Good Regulatory Design (GRP / Regulatory Coherence) Policy Guide and Implementation Manual
Global Regulatory Cooperation Center
This guide provides a landscape of international Good Regulatory Practice (GRP) policies and definitions and implementation checklist for senior policy-makers. GRP, also known as Regulatory Coherence”, “Good Regulatory Design” or “Regulatory Reform”, is a horizontal, whole-of-government policy, managed at the top executive level of government, implementing the binding rules by which regulatory agencies generate regulations. GRP is the minimum set of policies that governments adopt horizontally across all of its agencies to ensure that the entire public administration of a country implements rulemaking in a consistent manner.

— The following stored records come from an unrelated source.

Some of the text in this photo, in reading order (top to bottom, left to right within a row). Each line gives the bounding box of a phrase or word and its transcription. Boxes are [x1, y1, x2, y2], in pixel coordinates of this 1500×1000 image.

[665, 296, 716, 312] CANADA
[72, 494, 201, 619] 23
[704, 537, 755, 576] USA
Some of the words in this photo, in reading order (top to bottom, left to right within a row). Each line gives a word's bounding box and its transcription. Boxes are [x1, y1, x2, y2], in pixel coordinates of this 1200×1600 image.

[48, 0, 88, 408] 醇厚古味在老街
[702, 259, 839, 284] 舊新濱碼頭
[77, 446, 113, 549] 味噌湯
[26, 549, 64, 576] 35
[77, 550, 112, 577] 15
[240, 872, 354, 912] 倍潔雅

A foundational GRP policy allows sector-specific Regulatory Convergence efforts, including international standards harmonization, to reach their full potential.
Good Regulatory Practices
Organization for Economic Co-operation and Development
World Trade Organization
The World Trade Organization – Technical Barriers to Trade Agreement constitutes the international law and binding legal obligation that each member country use international standards as a basis for national technical regulations, that technical regulations not be more trade restrictive than necessary, and that outdated technical regulations be updated or withdrawn.

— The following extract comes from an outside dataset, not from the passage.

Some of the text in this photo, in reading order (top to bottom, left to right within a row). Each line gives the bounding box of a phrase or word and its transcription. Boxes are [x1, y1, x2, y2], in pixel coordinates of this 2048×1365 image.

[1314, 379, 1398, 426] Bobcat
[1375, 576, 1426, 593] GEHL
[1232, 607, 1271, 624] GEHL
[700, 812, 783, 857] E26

Technical Regulations and Standards
Article 2: Preparation, Adoption and Application of Technical Regulations by Central Government Bodies
2.2 Members shall ensure that technical regulations are not prepared, adopted or applied with a view to or with the effect of creating unnecessary obstacles to international trade. For this purpose, technical regulations shall not be more trade-restrictive than necessary to fulfil a legitimate objective, taking account of the risks non-fulfilment would create…
2.3 Technical regulations shall not be maintained if the circumstances or objectives giving rise to their adoption no longer exist or if the changed circumstances or objectives can be addressed in a less trade-restrictive manner.
2.4 Where technical regulations are required and relevant international standards exist or their completion is imminent, Members shall use them, or the relevant parts of them, as a basis for their technical regulations…
The WTO Committee on Technical Barriers to Trade adopted a set of principles to which an organization engaged in the development of international standards must comply. These principles have been captured in document “G/TBT/ 1/REV. 8. Section IX,” titled Decision of the Committee on Principles for the Development of International Standards, Guides and Recommendations with Relation to Articles 2, 5 and Annex 3 of the Agreement.